Cheap shots aside, it's worth pointing out that the series concluded with a regular ol' baseball game rather than a beanball war, and both managers deserve credit for not giving in to that kind of thing, even if I was just the tiniest bit disappointed. Plus we won, so nah nah.
Unfortunately, our own Jose Guillen couldn't let bygones be bygones. After the last game of the series, he had the following comments:
Scioscia showed no class, no respect. He was talking to me about respect and class. I really don't care about Mike Scioscia. I have no respect for him any more because I'm still hurt about what happened last year. I don't want to make these comments, but Mike Scioscia is a piece of garbage. I don't care if I get in trouble.Hmm. Well, that's too bad. Back in March, I took issue with the line of propaganda coming from the team and the local media. Jim Bowden and his willing mouthpieces were trying to convince us that Jose Guillen was a changed man who'd willingly taken anger management classes and was completely cured. It was nonsense. He was most likely forced to take the classes, and every word out of the man's mouth indicated that he hadn't learned a thing, as Guillen was insistent that his future good behavior was conditional: as long as he played every day and not "disrespected," everything would be ducky. Not to toot my own horn, but his latest outburst makes me think I was right.
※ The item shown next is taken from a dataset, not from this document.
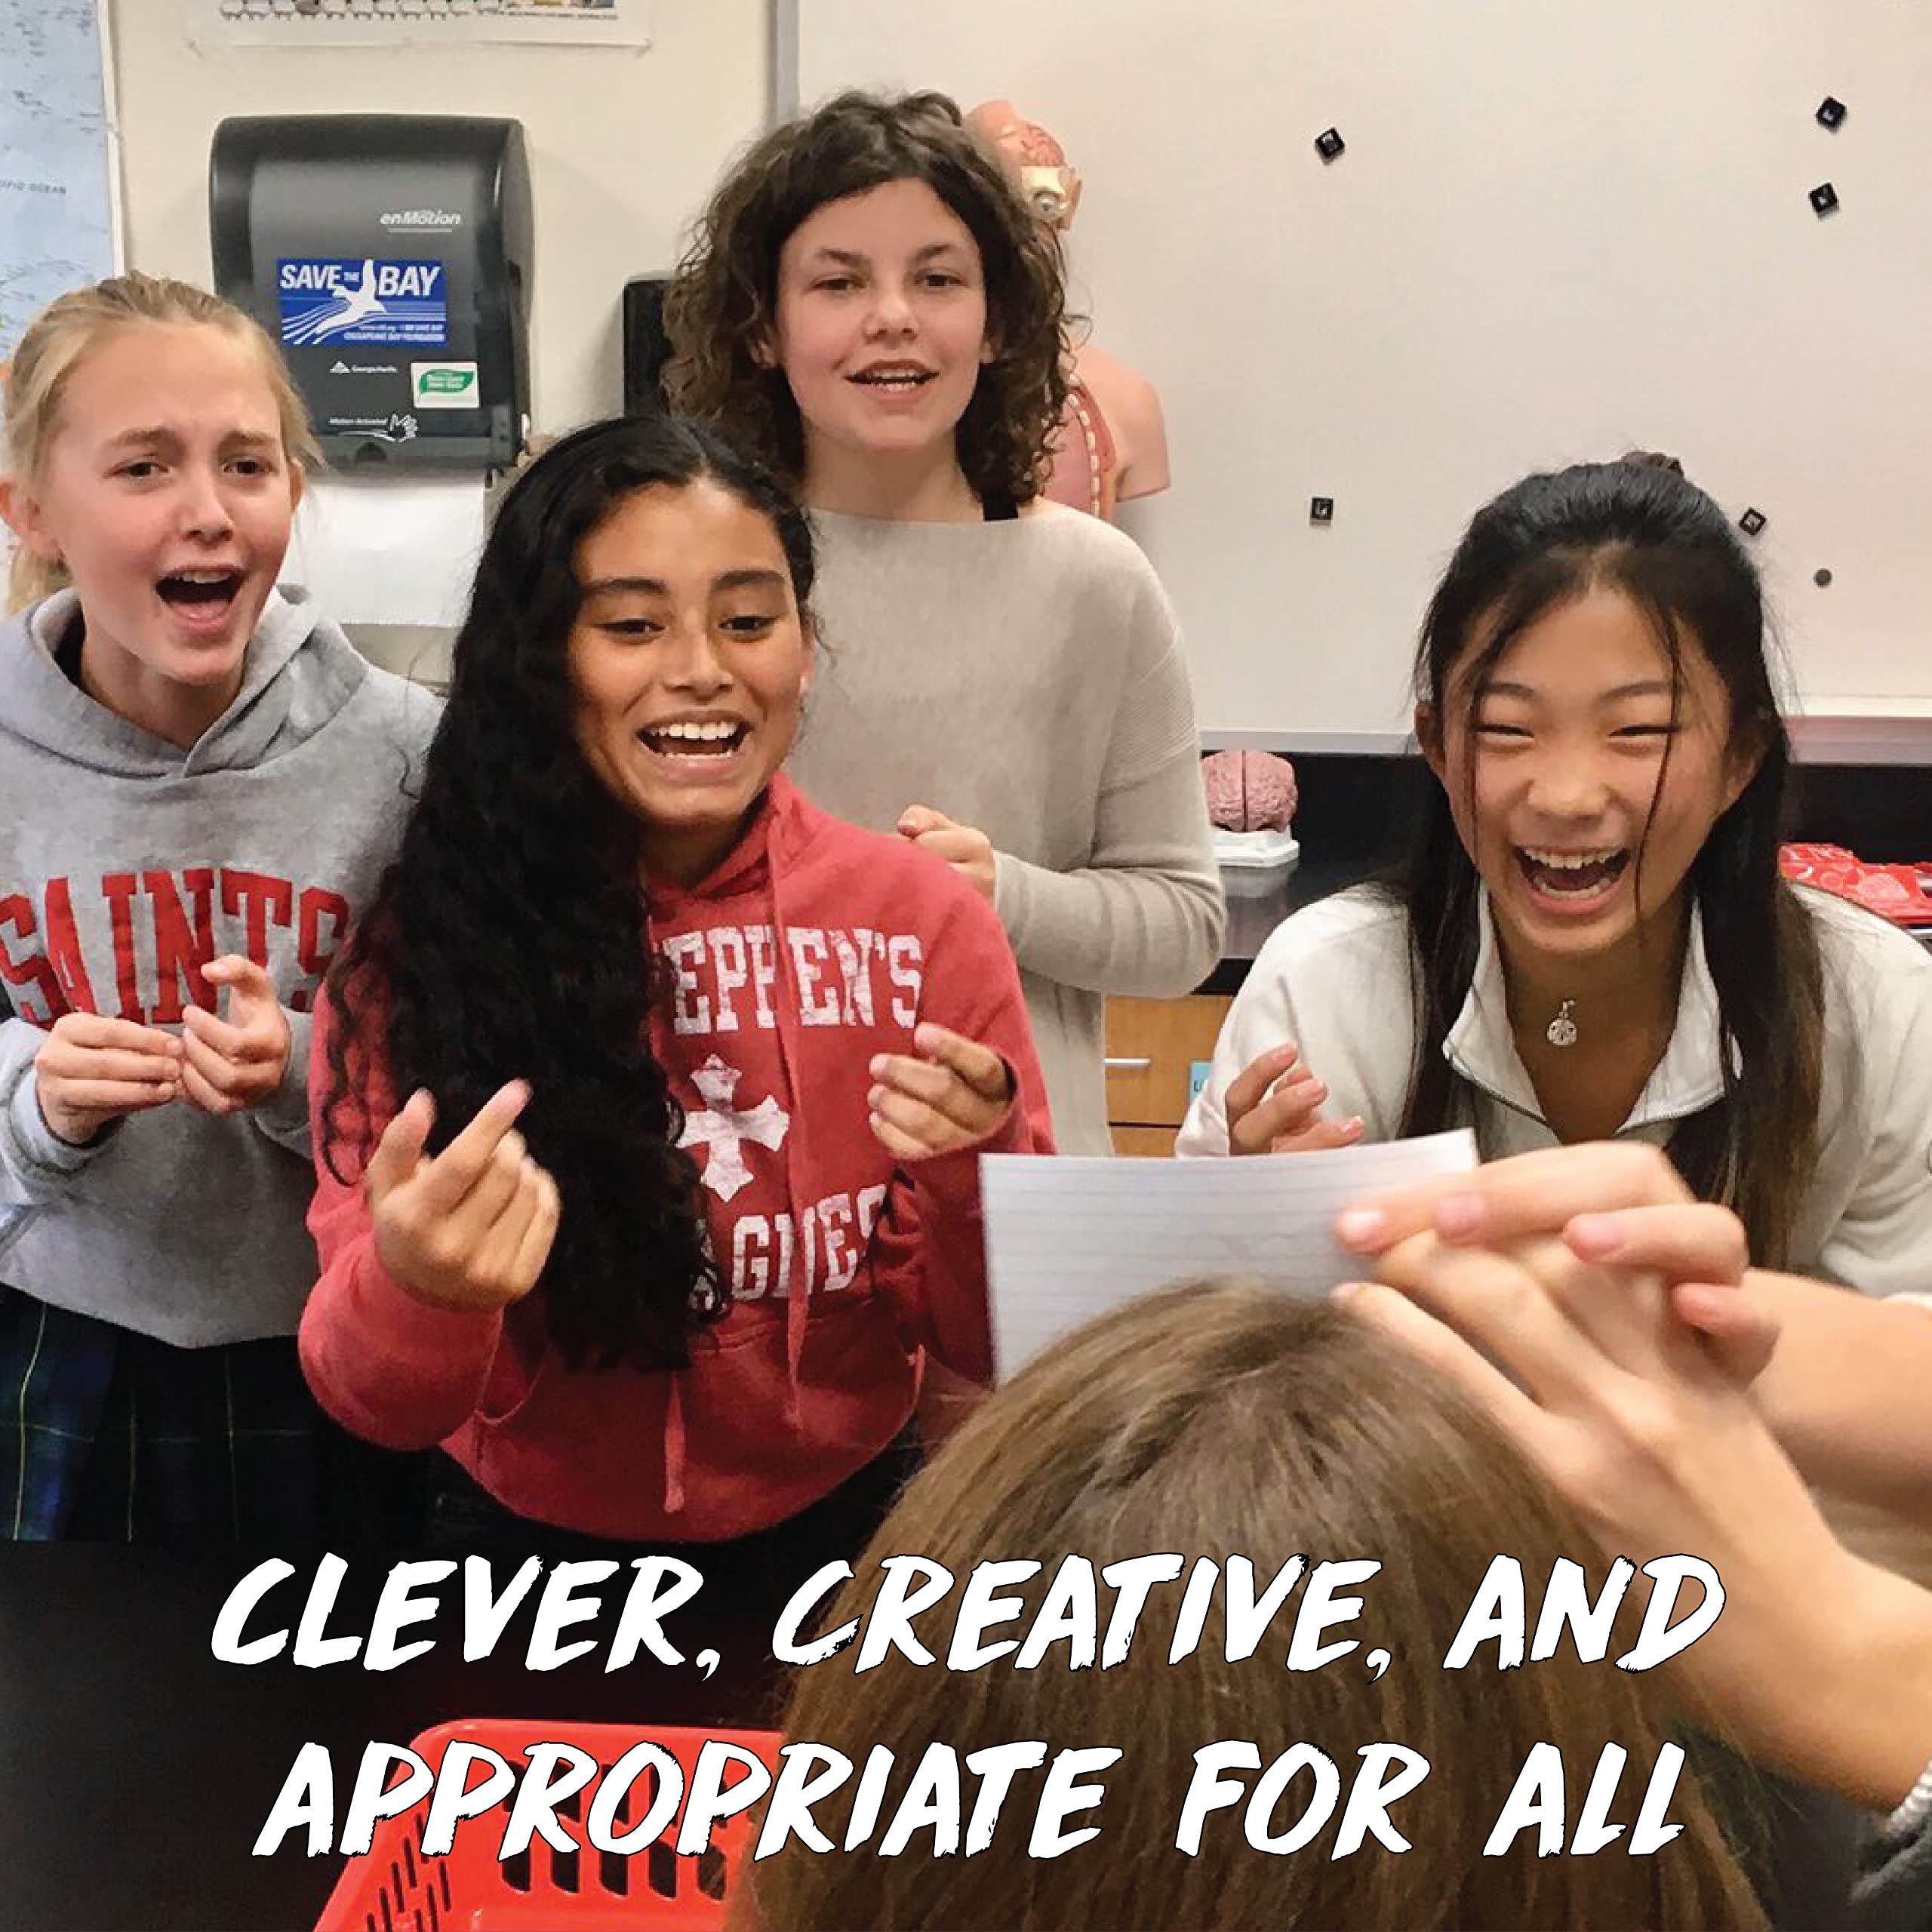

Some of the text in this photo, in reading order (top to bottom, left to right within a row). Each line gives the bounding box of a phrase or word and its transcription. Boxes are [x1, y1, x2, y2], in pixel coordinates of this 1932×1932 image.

[380, 210, 460, 225] enMotion
[280, 264, 343, 289] SAVE
[378, 266, 441, 296] BAY
[655, 923, 923, 1035] EPHEN'S
But this isn't about Guillen (Basil has that angle covered). Mostly I feel sorry for the man. He's paranoid, and it can't be fun to go through life like that. His talent has gotten him far, but he doesn't seem very happy. This sequence of events gives us a couple other things to think about. First, is Jose Guillen a good long term investment? Our esteemed general manager thinks so. Guillen came to the Nats under contract for 2005 with a team option to extend it through next year. Instead of waiting to see how the outfielder acquitted himself on and off the field, Jim Bowden yanked the lever (I'm assuming that's how the option was activated) within the first month of the season. Since then, Guillen's OPS has dropped more than 90 points, and he's demontrated the kind of instability that made the Angels so eager to see the back of him. He's under contract with the Nats for another year and half. His relationship with management is great now, but will that last?
The other thing: maintain your skepticism. We were fed a story based on nothing but wishful thinking from Bowden and some things Guillen sort of said. A pliant local sports media was all too willing to accept Bowden's "changed man" fiction without really looking at it, and this in spite of the fact that Guillen couldn't even be bothered to say quite what he was supposed to. Keep that in mind the next time the papers start fawning over Bowden's latest pet project.
When asked in 1972 what he thought was the impact of the French Revolution, Chinese Premier Chou En Lai replied, "It is too soon to tell." That's a good way to look at a lot of things, including the recent Nats/Brewers trade and the accompanying pickup of Ryan Drese. It looked bad for us on Tuesday, as Tomo Ohka threw 9 innings of shutting out at the Devil Rays, whose offense isn't as bad as you probably think. He struck out 6 and walked none and afterwards probably got loaded and sang obscene songs about Frank. We caught up a bit on Thursday as Drese pitched 8 shutout innings in spite of giving up 4 walks against 3 strikeouts. Junior Spivey, meanwhile, isn't hitting: 138/242/276 since joining the Nats. The first batch of results isn't good for Bodes, but remember Chou En Lai: we're talking about a grand total of 11 games among all three players here, so it's much too soon to tell.